Time Saving Tips for New Superintendents: Don’t Go It Alone; Pick Up The Phone!

Jill M. Gildea,
Superintendent Fremont School District #79
Mundelein, IL 60060


 Jill M. Gildea

At the annual end of year recognition and retirement luncheon, I join in celebrating successful careers of educators while feeling a very real sense of loss at the years of experience that will be exiting our school’s halls in the coming weeks. Educational experience takes time to develop and is not easily replicated. Those educators who have served a specific school for an extended length of time know the culture, climate, and expectations of the community intuitively.

In a very similar way, those superintendents who retire and leave the educational community take with them those real lessons learned, wisdom, and expertise in navigating the very challenging role of education organization leader. For those of us who may be new to the area, it takes a great deal of dialogue and time to develop an understanding of the culture and communication patterns of a learning organization. While we must allow ourselves the time, the role of the superintendent is not one that has a great deal of downtime.

As a matter of fact, I am fairly certain that there will be in progress files, projects, and a July Board of Education packet to prepare that is waiting for you the first day that you step into the new job role. As a new superintendent, you may be thinking, “Where do I begin?” Developing and sustaining a relationship with a mentor is a critical transition task for the new superintendent.

Our local chapter of the IASA/AASA hosts both a state-wide New Superintendent Orientation and provides a three-year mentor partnership for those who request a mentor. The orientation is well planned and organized, but the mentor partnership is a key to new superintendent success in Illinois.

As you transition to the role of superintendent, it is critical to develop and sustain a relationship with a mentor as an external “expert” who can provide a listening ear, experience, and “another set of eyes” as you work with the existing Board of Education and community. Those new superintendents who have reached out, networked, and accepted feedback are often much more successful that those who attempt to “go it alone.” The superintendent role is often an isolating job role; therefore, it is up to you to seek out that sounding board and that person with experience to provide a check and balance for you in the coming months and years.

While celebrating a colleague’s entry into a new superintendency from an Assistant role, I asked Kara how she was feeling.

“It’s sobering,” Kara replied. “I had never considered just how much responsibility the superintendent role is until receiving my first job offer to be one.”
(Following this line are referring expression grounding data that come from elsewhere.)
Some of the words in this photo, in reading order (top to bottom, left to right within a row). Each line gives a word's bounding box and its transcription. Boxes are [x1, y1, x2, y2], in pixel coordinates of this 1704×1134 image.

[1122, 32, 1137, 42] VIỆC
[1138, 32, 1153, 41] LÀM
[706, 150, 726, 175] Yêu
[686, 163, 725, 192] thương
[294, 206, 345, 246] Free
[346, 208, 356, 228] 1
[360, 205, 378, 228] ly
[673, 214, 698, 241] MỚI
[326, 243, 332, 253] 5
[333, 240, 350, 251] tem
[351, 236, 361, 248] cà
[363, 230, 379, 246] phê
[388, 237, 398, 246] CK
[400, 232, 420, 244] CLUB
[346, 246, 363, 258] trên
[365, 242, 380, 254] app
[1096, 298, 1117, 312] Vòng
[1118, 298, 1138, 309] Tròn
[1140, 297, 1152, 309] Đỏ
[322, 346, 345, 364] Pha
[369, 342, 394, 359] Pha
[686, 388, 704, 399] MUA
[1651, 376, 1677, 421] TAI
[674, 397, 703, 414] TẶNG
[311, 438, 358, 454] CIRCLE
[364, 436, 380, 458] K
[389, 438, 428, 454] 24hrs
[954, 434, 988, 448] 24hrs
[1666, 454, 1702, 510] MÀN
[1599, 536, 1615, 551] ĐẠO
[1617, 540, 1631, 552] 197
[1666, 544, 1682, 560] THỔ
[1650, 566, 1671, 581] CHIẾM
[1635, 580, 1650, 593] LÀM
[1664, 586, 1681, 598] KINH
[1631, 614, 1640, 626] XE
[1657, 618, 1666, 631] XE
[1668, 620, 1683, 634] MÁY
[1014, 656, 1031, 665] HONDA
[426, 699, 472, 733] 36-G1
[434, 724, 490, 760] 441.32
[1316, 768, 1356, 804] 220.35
The realization that stepping into the superintendent job role is a huge responsibility is an accurate one. Many of us stepped in not realizing just how many minor and major job role assignments are linked to the title. A mentor can help the new superintendent to prioritize tasks, give “an insider’s view” to the community’s culture and climate, and ensure a smooth transition. Trying out communications of a change initiative, proofreading a newsletter, or joining you on a facilities walk can help to provide you, a new superintendent, with an introduction to the “language” of the superintendent job role.

I read the local paper and an article on my former district once again hit the front page. Apparently, the new superintendent’s style varies greatly from mine. While the new superintendent is bringing forward amazing instructional initiatives, the community is not receiving the improvements as anticipated.

“You know what it’s like,” she said the next time we ran into each other, “You’ve been there.”

“I cannot remember ever having an issue show up on the front page news,” I replied. In fact, I do recall leaning quite significantly on several mentors that first year. Two retired superintendents from the district were able to walk me through their progress with the Board and community up to the point where I took the reins. The third, an outside the District, retired leader, visited, e-mailed, and chatted with me periodically on the phone. The ‘rehearsal time’ with an experienced educational leader provided me with honest feedback before I made any sweeping reform or announcement that would damage my relationship within a new community. My memories of those first years are very positive, and I credit that to the work of my mentors!

In moving from one school district to the next as superintendent of schools, I reflected on the most important lessons learned in my first three years. That message is and continues to be - don’t go it alone; pick up the phone!